Pois bem, venho nesse post retomar Fringe e, pra variar, falar de JJ Abrams. Antes mesmo do seriado estrear, os fãs mais atentos viram pelo trailer que logo no primeiro episódio havia um desastre de avião, assim como em Lost. Seria JJ Abrams obcecado por desastres de aviões?

A partir daí o Palacios desenvolveu uma ótima teoria capaz de explicar essa coincidência. Em resumo, avião é um bom recurso para juntar gente de tudo quanto é canto do mundo em uma história.

E é mesmo. Mas, no momento que escrevo esse post já vi até o terceiro episódio e, sem prejudicar quem ainda não passou por essa experiência, adianto que, ao contrário de Lost, em Fringe o avião é só mais elemento, um caso a ser solucionado que acaba ali mesmo, no único episódio em que aparece.

Mas não se preocupe, JJ Abrams revela, logo de cara, que o padrão de suas séries é outro: grandes organizações. Assim como a misteriosa Iniciativa Dharma em Lost, e a Tagruato, empresa que está ligada aos acontecimentos de Cloverfield, uma tal de Massive Dynamic logo de cara aparece em Fringe.

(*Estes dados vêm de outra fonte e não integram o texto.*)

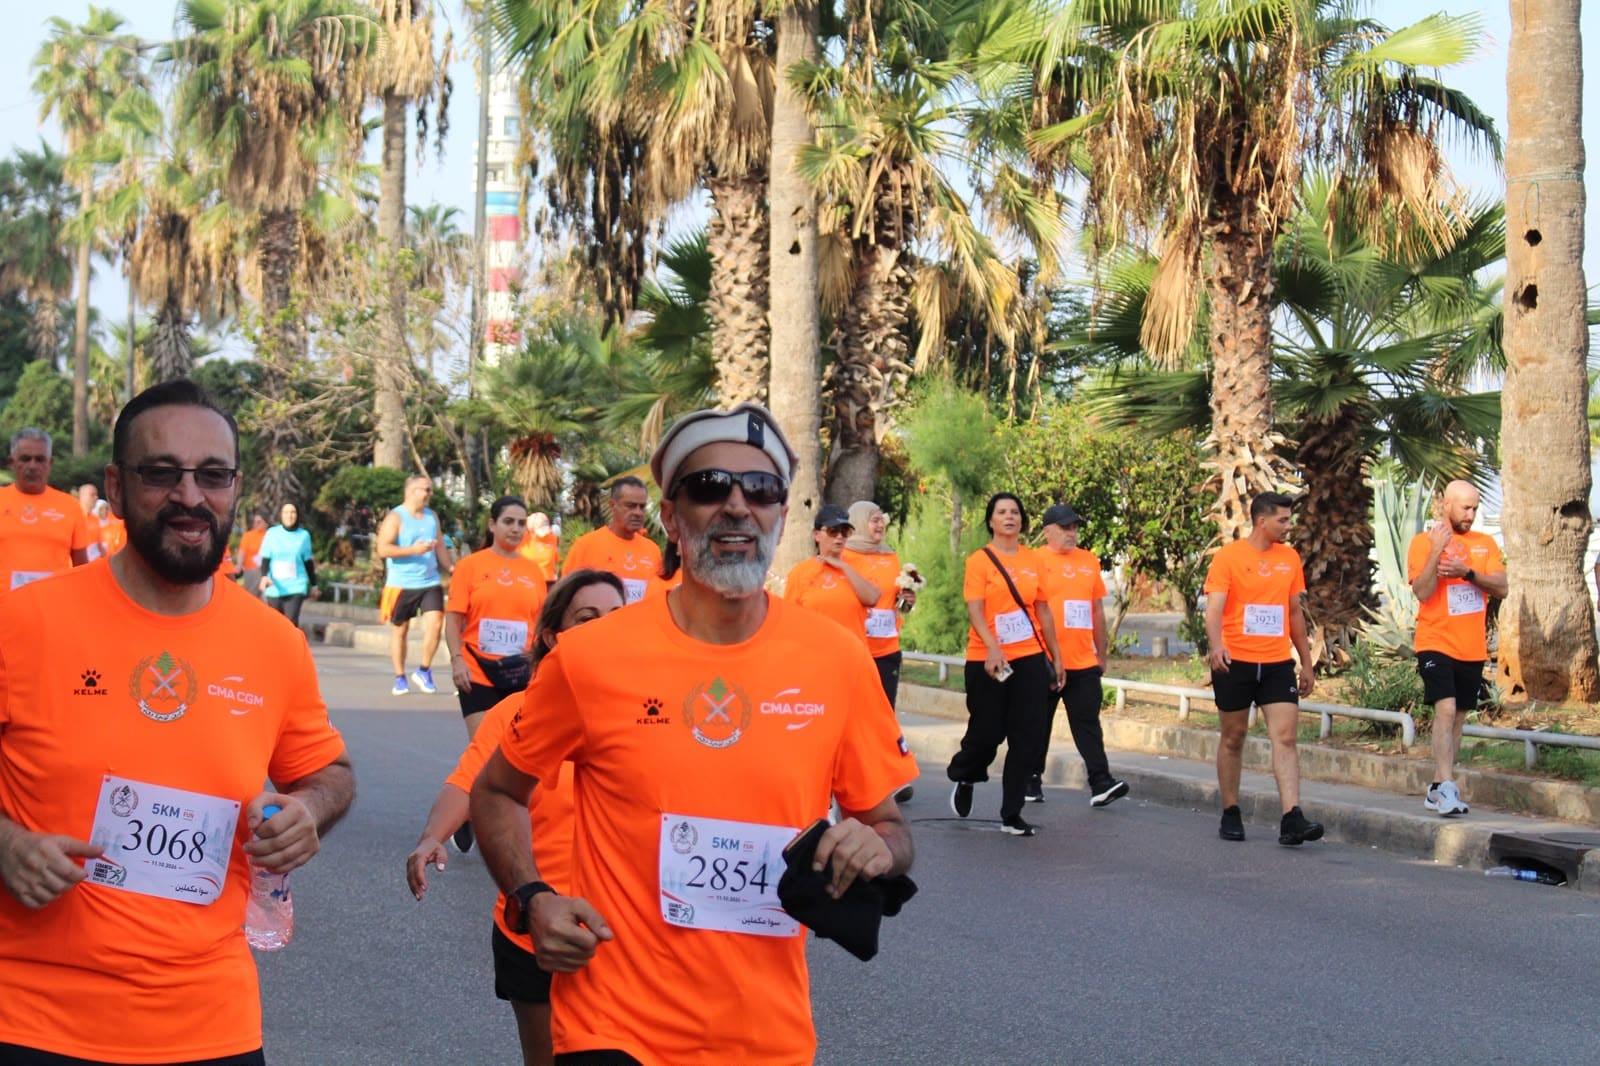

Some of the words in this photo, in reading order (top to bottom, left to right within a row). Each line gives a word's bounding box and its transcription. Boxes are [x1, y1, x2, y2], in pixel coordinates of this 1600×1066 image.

[488, 630, 518, 644] 2310
[207, 684, 235, 699] CMA
[236, 690, 264, 706] CGM
[760, 702, 793, 715] CMA
[794, 702, 825, 715] CGM
[151, 803, 181, 819] 5KM
[122, 819, 207, 864] 3068
[711, 836, 740, 851] 5KM
[686, 855, 769, 895] 2854

Organizações e empresas fazem parte da vida das pessoas, e por isso não teriam como não fazer parte da vida de personagens contemporâneos. A novidade é que JJ Abrams explora essa dimensão com maestria, fazendo com que empresas fictícias deixem de ser apenas cenários, tornando-as parte importante da trama.

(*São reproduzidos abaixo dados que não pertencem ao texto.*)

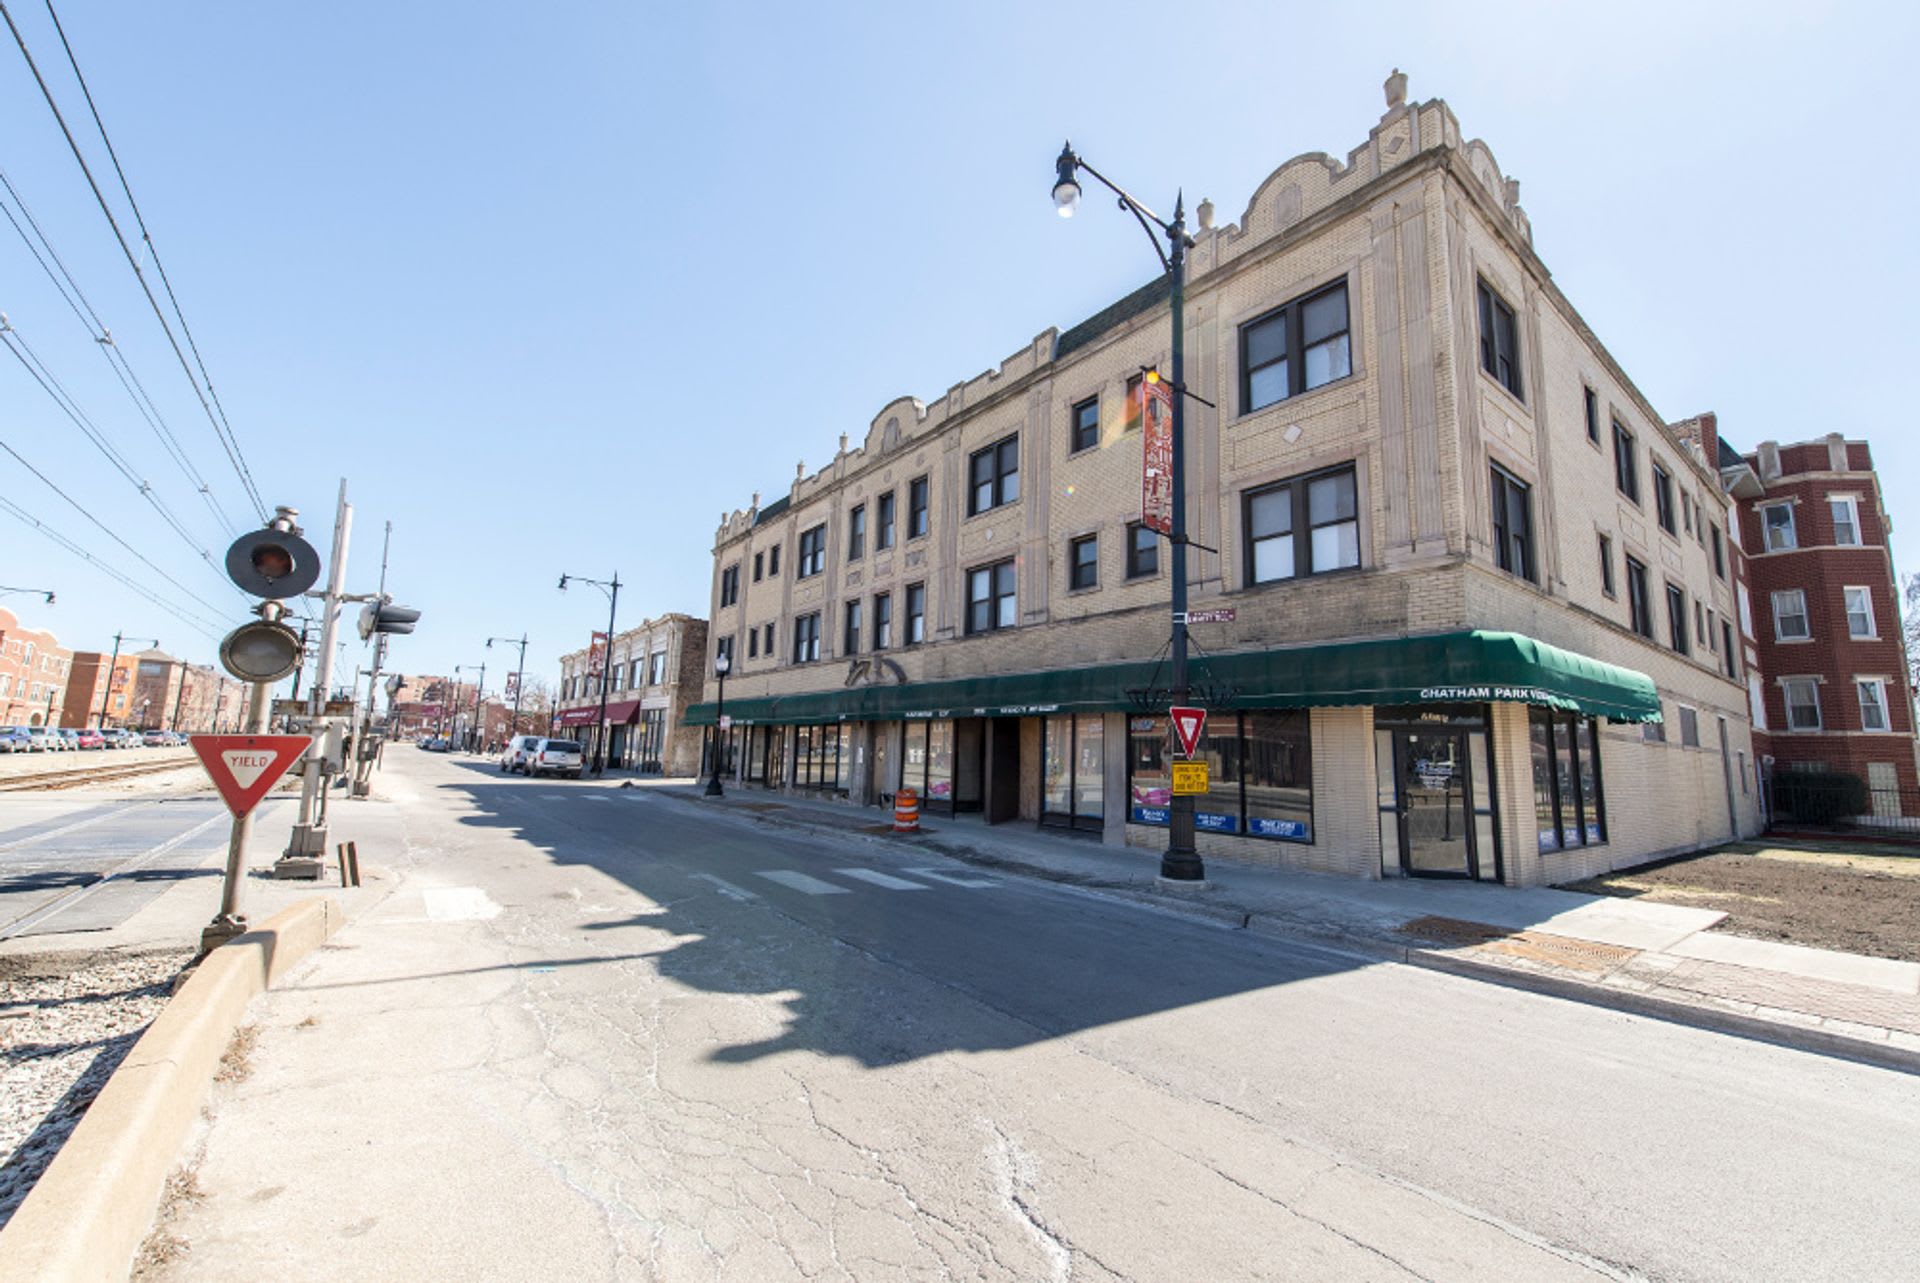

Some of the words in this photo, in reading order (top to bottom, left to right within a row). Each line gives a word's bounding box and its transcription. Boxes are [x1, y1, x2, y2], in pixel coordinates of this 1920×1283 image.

[1420, 687, 1490, 699] CHATHAM
[1494, 687, 1529, 698] PARK
[230, 756, 268, 768] YIELD

Da Massive Dynamics ainda não dá para falar muito, a não ser que eu já estou intrigado, mas pegando a Iniciativa Dharma como exemplo é fácil entender a metodologia. Muito mais do que um simples dado do contexto, JJ Abrams trata do assunto com incrível detalhamento. Logomarca, uniforme, filosofia, objetivos. Está tudo lá, e cada uma dessas coisas tem seu motivo de ser.

Uma organização bem construída sempre pode ajudar no desenvolvimento da história. Quem já trabalhou em empresa sabe que o ambiente corporativo é uma rica fonte de conflitos, intrigas e toda sorte de gatilhos para as mais variadas emoções. Grande parte da população urbana passa pelo menos um terço do dia em escritórios, portanto, além do trabalho, é lá que muitas vezes as pessoas vivenciam romances, vinganças, dilemas etc.

Fugindo um pouco da órbita do JJ Abrams, é possível citar pelo menos mais dois exemplos disso. Ainda no campo dos seriados, o impagável The Office já diz tudo pelo título. Para quem não conhece, basta dizer que é protagonizado pelo Steve Carell, novo queridinho das (boas) comédias pastelônicas americanas. E, no campo da literatura, One Night @ the Call Center é um romance do escritor indiano Chetan Bhagat, que curiosamente também trabalha em um banco de investimentos. A trama se desenvolve em torno de seis funcionários de um call center no subúrbio de uma cidade indiana.

E você? Se lembra de mais algum exemplo de história onde a empresa praticamente torna-se um personagem? E de que forma empresas reais podem utilizar esse recurso?